Vor allem machten sich die China-Sorgen an der Nasdaq bemerkbar. Der Nasdaq Composite verlor unter dem Gewicht der Chipwerte 0,18 Prozent auf 24.932 Punkte. Er knüpfte damit an seine jüngste Talfahrt an, die ihn bereits auf das niedrigste Niveau seit Anfang Mai getrieben hat. Ausdruck der Nervosität ist, dass der Tech-Leitindex im Frühhandel mit bis zu 1,2 Prozent im Plus stand, in der Spitze aber auch 1,2 Prozent verloren hatte.
Tech-Werte aus der Software- und Internetbranche erholten sich zwar, wie Salesforce, Microsoft und Alphabet als deutliche Dow-Gewinner mit Zuwächsen zwischen sechs und mehr als zwei Prozent zeigten. Dies konnte die Unruhe der Anleger aber nicht aufwiegen. Nvidia war im Dow mit fünf Prozent Minus das Schlusslicht. Unter den weiterer Chip-Branchengrößen büßten AMD sogar 5,2 Prozent ein.
Zum Halbleiter-Branchenthema wurde ein Bericht des Magazins "The Information" über eine beginnende Produktion von DUV-Lithografiesystemen in China. Danach ging unter Anlegern die Befürchtung um, dass die Anlagen des europäischen Branchenriesen ASML mehr und mehr ersetzt werden könnten, wenn die Chinesen es schaffen, in eine Massenproduktion überzugehen.
Erholt zeigten sich im Technologiesektor auch einige Aktien aus dem Quantencomputer-Bereich.
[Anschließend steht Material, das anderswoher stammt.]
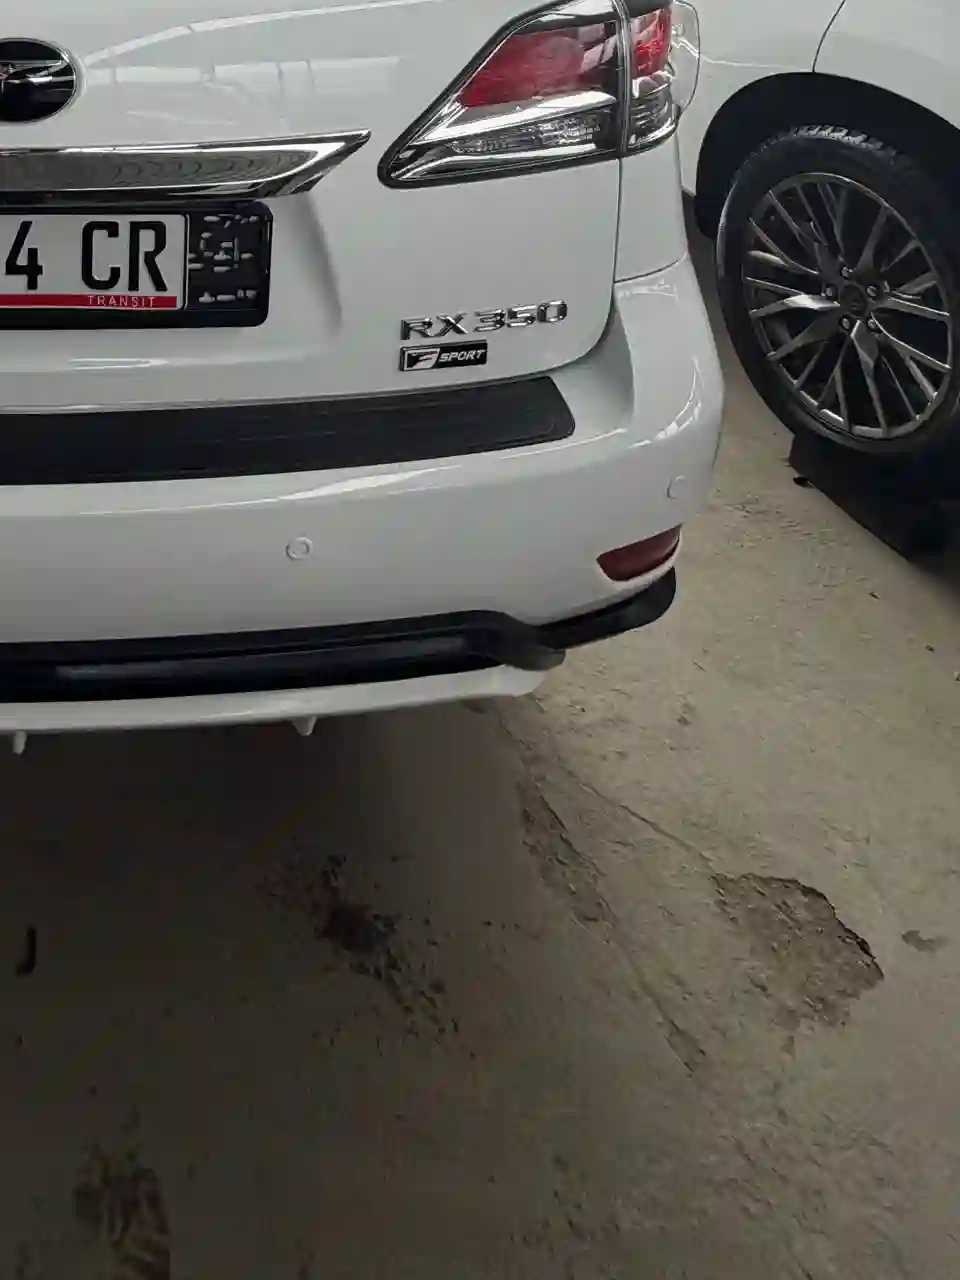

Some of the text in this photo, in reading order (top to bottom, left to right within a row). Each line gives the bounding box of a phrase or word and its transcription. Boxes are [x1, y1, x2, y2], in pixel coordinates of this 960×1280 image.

[80, 220, 167, 293] CR
[87, 295, 155, 308] TRANSIT
[401, 298, 568, 341] RX 350
[439, 349, 487, 363] SPORT
Vor allem galt dies für D-Wave Quantum mit einem Kurssprung um fast neun Prozent. Sie profitieren davon, dass der Telekomkonzern AT&T eine Vereinbarung unterzeichnet hat, um den Einsatz dieser Technologie auszuweiten.
Anleger warten jetzt gespannt auf das, was die Tech-Schwergewichte Microsoft, Meta, Amazon und Apple im Wochenverlauf in ihren Quartalsberichten zu sagen haben. Hinzu kommt die zunehmende Anspannung vor der Zinsentscheidung der US-Notenbank Fed am Mittwoch.
Im Standardwertebereich blieb eine gewisse Restwirkung davon übrig, dass US-Präsident Donald Trump nach eigenen Angaben die jüngsten Angriffe im Iran vorerst gestoppt hat, um Verhandlungen eine weitere Chance zu geben. Die Titel von Chevron und ExxonMobil litten zwar unter dem nachgebenden Ölpreis, die Aktien der Autobauer Ford und General Motors waren aber nach Kaufempfehlungen des Analysehauses Jefferies mit Aufschlägen bis über die 5-Prozent-Marke gefragt.
Um fast 40 Prozent auf 76,50 Dollar sprangen die Anteile von Forte Biosciences hoch. Der Biotech-Konzern Argenx will das US-Unternehmen für 77 Dollar je Aktie oder insgesamt rund 2,2 Milliarden Dollar in bar erwerben, um seine Immonologie-Pipeline zu erweitern. Diesem Preis näherte sich der Forte-Kurs bis auf wenige Cent.